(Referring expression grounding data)
□ □ □ □ □

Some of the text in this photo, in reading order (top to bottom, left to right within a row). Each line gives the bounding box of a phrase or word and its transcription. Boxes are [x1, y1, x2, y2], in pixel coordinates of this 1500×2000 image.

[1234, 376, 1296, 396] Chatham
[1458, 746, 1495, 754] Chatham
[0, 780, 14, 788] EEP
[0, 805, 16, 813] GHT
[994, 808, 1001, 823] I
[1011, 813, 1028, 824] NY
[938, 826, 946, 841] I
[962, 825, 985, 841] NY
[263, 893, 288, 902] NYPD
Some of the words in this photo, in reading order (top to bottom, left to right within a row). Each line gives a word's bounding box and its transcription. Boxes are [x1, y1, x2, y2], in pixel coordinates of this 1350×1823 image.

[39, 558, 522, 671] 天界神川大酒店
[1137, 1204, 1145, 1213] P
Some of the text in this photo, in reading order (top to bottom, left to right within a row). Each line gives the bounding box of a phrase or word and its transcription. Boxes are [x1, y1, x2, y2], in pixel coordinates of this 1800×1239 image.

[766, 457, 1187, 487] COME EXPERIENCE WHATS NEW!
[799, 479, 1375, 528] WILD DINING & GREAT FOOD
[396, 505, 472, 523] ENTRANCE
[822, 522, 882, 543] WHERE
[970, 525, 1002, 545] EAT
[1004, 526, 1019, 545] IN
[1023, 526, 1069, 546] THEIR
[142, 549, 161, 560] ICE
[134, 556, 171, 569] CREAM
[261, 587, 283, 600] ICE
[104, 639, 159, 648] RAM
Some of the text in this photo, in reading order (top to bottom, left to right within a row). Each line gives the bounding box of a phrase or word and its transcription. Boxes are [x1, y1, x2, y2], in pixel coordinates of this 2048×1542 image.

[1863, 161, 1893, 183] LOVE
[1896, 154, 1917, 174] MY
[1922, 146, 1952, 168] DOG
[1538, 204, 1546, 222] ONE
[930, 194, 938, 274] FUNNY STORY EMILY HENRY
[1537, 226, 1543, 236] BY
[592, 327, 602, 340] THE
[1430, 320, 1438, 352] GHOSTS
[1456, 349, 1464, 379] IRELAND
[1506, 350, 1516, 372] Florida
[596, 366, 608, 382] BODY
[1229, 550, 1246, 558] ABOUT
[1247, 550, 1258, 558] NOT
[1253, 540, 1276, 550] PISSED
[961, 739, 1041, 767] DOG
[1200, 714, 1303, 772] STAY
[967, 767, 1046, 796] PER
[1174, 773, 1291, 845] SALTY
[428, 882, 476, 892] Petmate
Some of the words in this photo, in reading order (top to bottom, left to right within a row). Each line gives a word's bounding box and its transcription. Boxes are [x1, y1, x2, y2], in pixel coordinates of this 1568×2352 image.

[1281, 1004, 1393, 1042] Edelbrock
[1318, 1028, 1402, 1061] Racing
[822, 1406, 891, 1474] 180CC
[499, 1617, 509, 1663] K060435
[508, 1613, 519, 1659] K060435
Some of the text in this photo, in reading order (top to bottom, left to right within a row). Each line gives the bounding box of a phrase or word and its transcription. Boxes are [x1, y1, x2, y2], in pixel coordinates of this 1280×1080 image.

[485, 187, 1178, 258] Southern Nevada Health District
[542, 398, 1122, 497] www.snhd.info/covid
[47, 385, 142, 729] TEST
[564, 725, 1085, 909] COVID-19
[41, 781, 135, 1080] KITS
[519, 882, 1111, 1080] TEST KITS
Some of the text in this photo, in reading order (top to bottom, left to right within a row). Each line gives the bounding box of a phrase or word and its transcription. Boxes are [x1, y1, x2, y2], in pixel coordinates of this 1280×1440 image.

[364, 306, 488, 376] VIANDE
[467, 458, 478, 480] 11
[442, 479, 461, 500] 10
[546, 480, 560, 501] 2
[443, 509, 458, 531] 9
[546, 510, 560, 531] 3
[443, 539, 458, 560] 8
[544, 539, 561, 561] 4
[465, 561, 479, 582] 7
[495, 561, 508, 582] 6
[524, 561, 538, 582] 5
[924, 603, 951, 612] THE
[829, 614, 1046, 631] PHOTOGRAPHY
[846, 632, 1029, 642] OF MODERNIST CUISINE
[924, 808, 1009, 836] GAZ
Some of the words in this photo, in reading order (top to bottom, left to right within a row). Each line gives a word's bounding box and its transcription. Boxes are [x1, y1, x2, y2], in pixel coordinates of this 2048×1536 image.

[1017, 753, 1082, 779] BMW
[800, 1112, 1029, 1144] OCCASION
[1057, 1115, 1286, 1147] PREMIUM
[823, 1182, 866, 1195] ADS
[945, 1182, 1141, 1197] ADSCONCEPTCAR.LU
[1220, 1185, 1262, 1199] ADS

□ □ □ □ □

Goal of the exercise
Word for word, restate all of the records.

Exercise output
Some of the text in this photo, in reading order (top to bottom, left to right within a row). Each line gives the bounding box of a phrase or word and its transcription. Boxes are [x1, y1, x2, y2], in pixel coordinates of this 1500×2000 image.

[1234, 376, 1296, 396] Chatham
[1458, 746, 1495, 754] Chatham
[0, 780, 14, 788] EEP
[0, 805, 16, 813] GHT
[994, 808, 1001, 823] I
[1011, 813, 1028, 824] NY
[938, 826, 946, 841] I
[962, 825, 985, 841] NY
[263, 893, 288, 902] NYPD
Some of the words in this photo, in reading order (top to bottom, left to right within a row). Each line gives a word's bounding box and its transcription. Boxes are [x1, y1, x2, y2], in pixel coordinates of this 1350×1823 image.

[39, 558, 522, 671] 天界神川大酒店
[1137, 1204, 1145, 1213] P
Some of the text in this photo, in reading order (top to bottom, left to right within a row). Each line gives the bounding box of a phrase or word and its transcription. Boxes are [x1, y1, x2, y2], in pixel coordinates of this 1800×1239 image.

[766, 457, 1187, 487] COME EXPERIENCE WHATS NEW!
[799, 479, 1375, 528] WILD DINING & GREAT FOOD
[396, 505, 472, 523] ENTRANCE
[822, 522, 882, 543] WHERE
[970, 525, 1002, 545] EAT
[1004, 526, 1019, 545] IN
[1023, 526, 1069, 546] THEIR
[142, 549, 161, 560] ICE
[134, 556, 171, 569] CREAM
[261, 587, 283, 600] ICE
[104, 639, 159, 648] RAM
Some of the text in this photo, in reading order (top to bottom, left to right within a row). Each line gives the bounding box of a phrase or word and its transcription. Boxes are [x1, y1, x2, y2], in pixel coordinates of this 2048×1542 image.

[1863, 161, 1893, 183] LOVE
[1896, 154, 1917, 174] MY
[1922, 146, 1952, 168] DOG
[1538, 204, 1546, 222] ONE
[930, 194, 938, 274] FUNNY STORY EMILY HENRY
[1537, 226, 1543, 236] BY
[592, 327, 602, 340] THE
[1430, 320, 1438, 352] GHOSTS
[1456, 349, 1464, 379] IRELAND
[1506, 350, 1516, 372] Florida
[596, 366, 608, 382] BODY
[1229, 550, 1246, 558] ABOUT
[1247, 550, 1258, 558] NOT
[1253, 540, 1276, 550] PISSED
[961, 739, 1041, 767] DOG
[1200, 714, 1303, 772] STAY
[967, 767, 1046, 796] PER
[1174, 773, 1291, 845] SALTY
[428, 882, 476, 892] Petmate
Some of the words in this photo, in reading order (top to bottom, left to right within a row). Each line gives a word's bounding box and its transcription. Boxes are [x1, y1, x2, y2], in pixel coordinates of this 1568×2352 image.

[1281, 1004, 1393, 1042] Edelbrock
[1318, 1028, 1402, 1061] Racing
[822, 1406, 891, 1474] 180CC
[499, 1617, 509, 1663] K060435
[508, 1613, 519, 1659] K060435
Some of the text in this photo, in reading order (top to bottom, left to right within a row). Each line gives the bounding box of a phrase or word and its transcription. Boxes are [x1, y1, x2, y2], in pixel coordinates of this 1280×1080 image.

[485, 187, 1178, 258] Southern Nevada Health District
[542, 398, 1122, 497] www.snhd.info/covid
[47, 385, 142, 729] TEST
[564, 725, 1085, 909] COVID-19
[41, 781, 135, 1080] KITS
[519, 882, 1111, 1080] TEST KITS
Some of the text in this photo, in reading order (top to bottom, left to right within a row). Each line gives the bounding box of a phrase or word and its transcription. Boxes are [x1, y1, x2, y2], in pixel coordinates of this 1280×1440 image.

[364, 306, 488, 376] VIANDE
[467, 458, 478, 480] 11
[442, 479, 461, 500] 10
[546, 480, 560, 501] 2
[443, 509, 458, 531] 9
[546, 510, 560, 531] 3
[443, 539, 458, 560] 8
[544, 539, 561, 561] 4
[465, 561, 479, 582] 7
[495, 561, 508, 582] 6
[524, 561, 538, 582] 5
[924, 603, 951, 612] THE
[829, 614, 1046, 631] PHOTOGRAPHY
[846, 632, 1029, 642] OF MODERNIST CUISINE
[924, 808, 1009, 836] GAZ
Some of the words in this photo, in reading order (top to bottom, left to right within a row). Each line gives a word's bounding box and its transcription. Boxes are [x1, y1, x2, y2], in pixel coordinates of this 2048×1536 image.

[1017, 753, 1082, 779] BMW
[800, 1112, 1029, 1144] OCCASION
[1057, 1115, 1286, 1147] PREMIUM
[823, 1182, 866, 1195] ADS
[945, 1182, 1141, 1197] ADSCONCEPTCAR.LU
[1220, 1185, 1262, 1199] ADS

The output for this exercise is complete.